Estas características de un tratado se pueden verificar[5] a continuación. Por un lado, los estados partes son sujetos de derecho internacional, en este caso los Estados de Perú, Suiza y Luxemburgo. Por otro lado, de conformidad con los artículos 1, 2 y 10 del acuerdo tripartito las partes manifiesta su voluntad en la asunción de obligaciones, así, los estados europeos se comprometen a transferir al estado peruano dinero depositado en cuentas bancarias incautadas que están vinculadas a Vladimiro Montesinos. Por su parte, el estado peruano se compromete a utilizar el dinero recibido en el financiamiento de proyectos para luchar contra la corrupción. Además, en el acuerdo tripartito, los Estados no crean obligaciones contrarias al ius cogens, ni excluyen la regulación de sus obligaciones del derecho internacional.


Como se puede apreciar, la suscripción del Acuerdo tripartito para la recuperación de activos tomados ilícitamente del estado peruano, es el resultado de un trabajo conjunto entre las entidades nacionales y extranjeras que integran sus respectivos sistemas de justicia. En esta oportunidad, dada la existencia de cuentas bancarias de titularidad de Vladimiro Montesinos y sus testaferros, congeladas en Suiza y Luxemburgo, se logró consolidar en un solo tratado la transferencia de activos al Perú, y con un beneficio adicional, es que como hemos señalado, el dinero recuperado deberá destinarse a proyectos específicos[6] para la lucha contra la corrupción, en los cuales podrá brindar asistencia técnica el estado de Suiza, conforme al artículo 2 del acuerdo tripartito.


Finalmente, podemos afirmar que la cooperación internacional juega un rol importante para ayudar a los “Estados víctimas” de actos de corrupción cometidos por sus funcionarios públicos, a recuperar activos extraídos del tesoro público, mediante la asistencia técnica y el compromiso a tomar las medidas necesarias para facilitar ello.
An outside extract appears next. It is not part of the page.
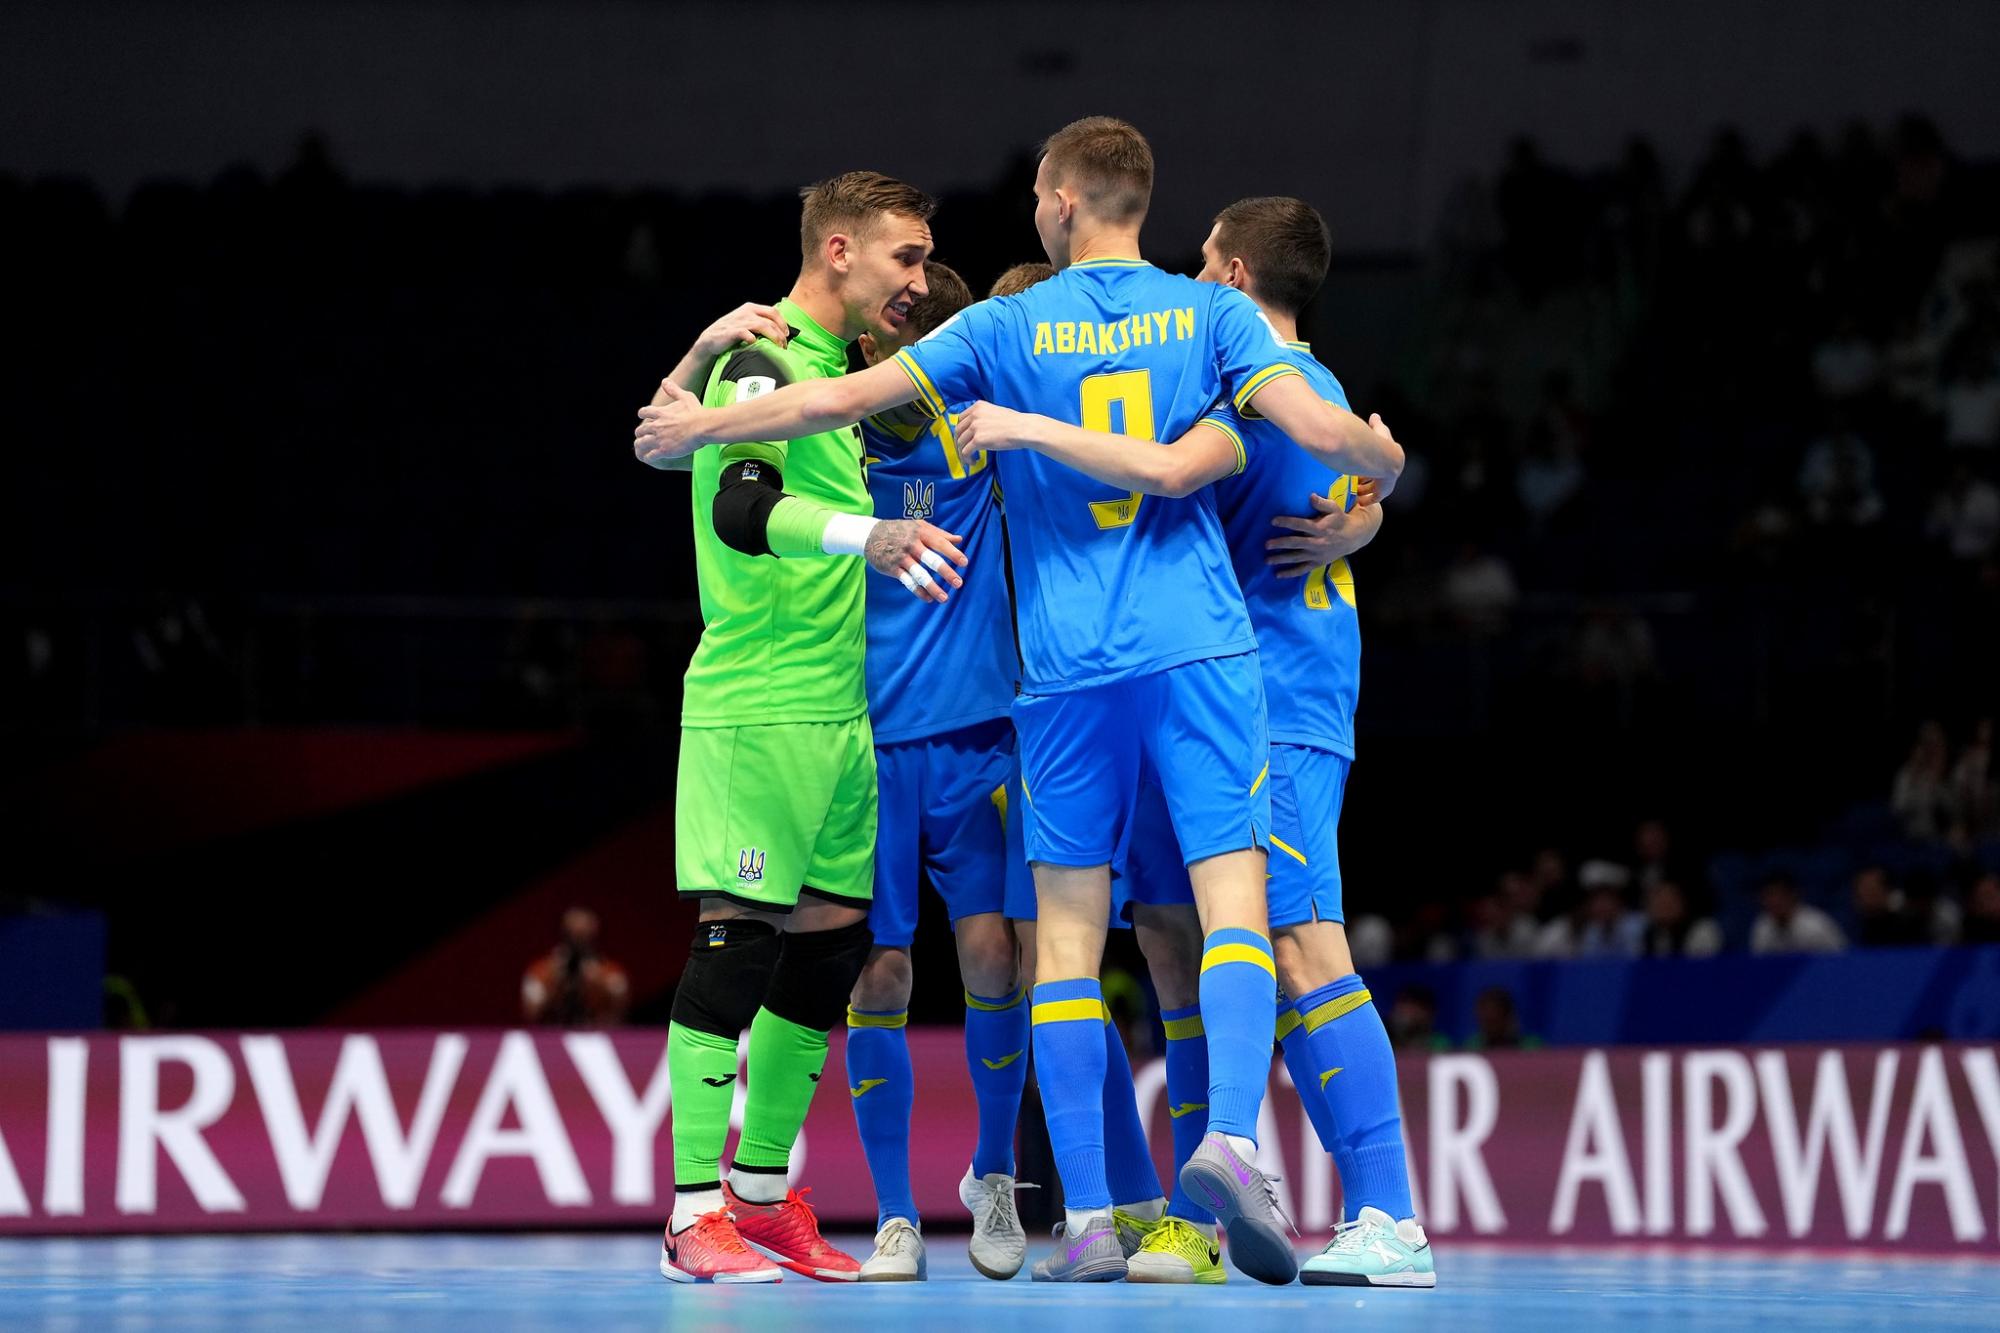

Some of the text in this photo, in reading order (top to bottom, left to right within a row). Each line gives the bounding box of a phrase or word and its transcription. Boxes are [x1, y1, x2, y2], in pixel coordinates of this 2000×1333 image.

[1033, 307, 1194, 356] ABAKSHYN
[1080, 368, 1155, 529] 9
[0, 1032, 807, 1217] IRWAY
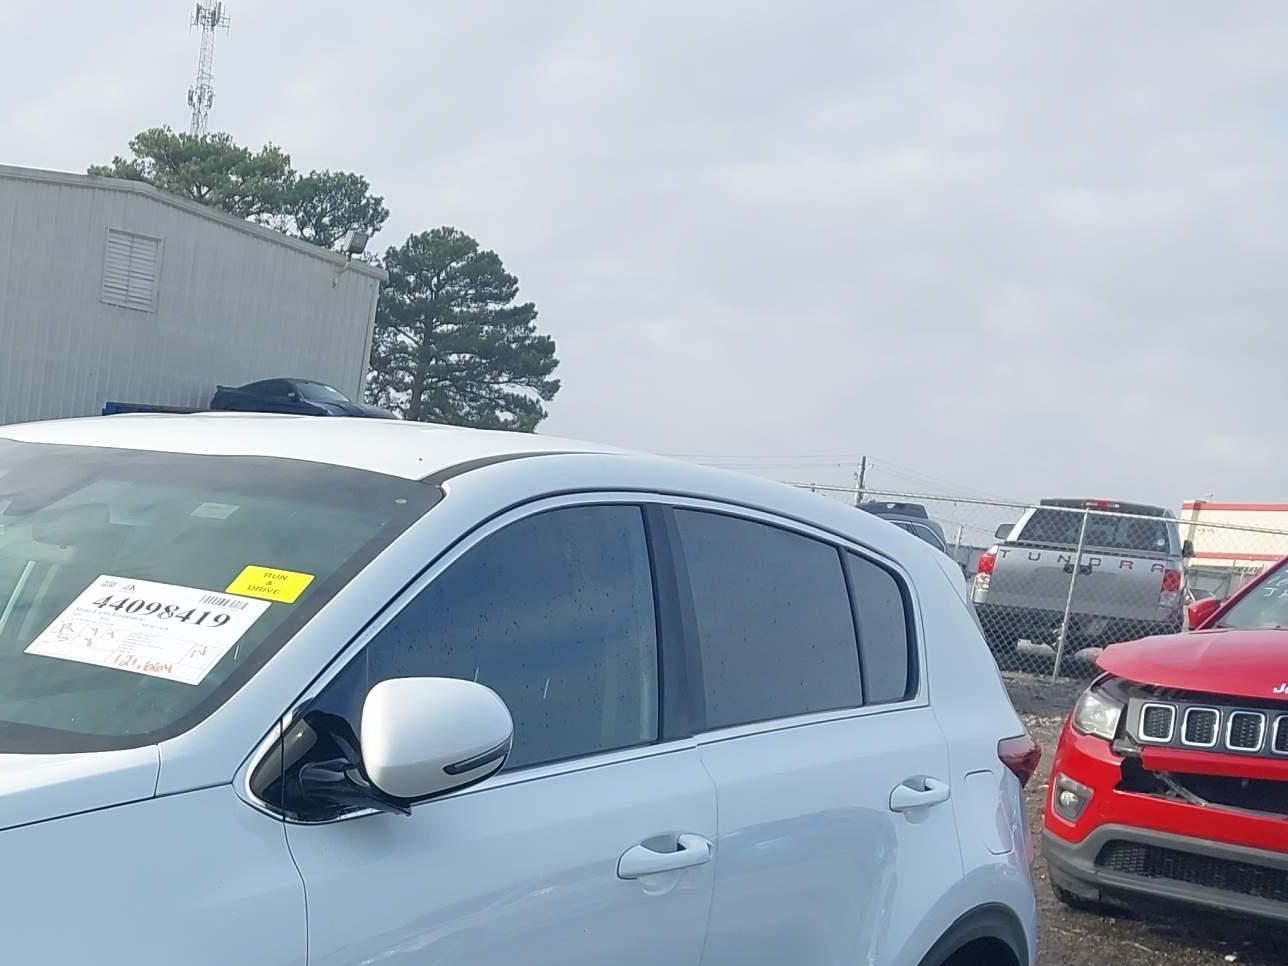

Sin duda esto supone un avance en la lucha contra los efectos dañinos de la corrupción a nivel mundial, sin embargo, el camino a seguir es de largo trecho, más aún si, por ejemplo, recordamos que aún está pendiente la conclusión de procesos penales iniciados contra todos los ex presidentes que sucedieron a Alberto Fujimori y las eventuales (si son declarados culpables) acciones de recuperación de activos que deberán gestionarse en el futuro con diferentes Estados.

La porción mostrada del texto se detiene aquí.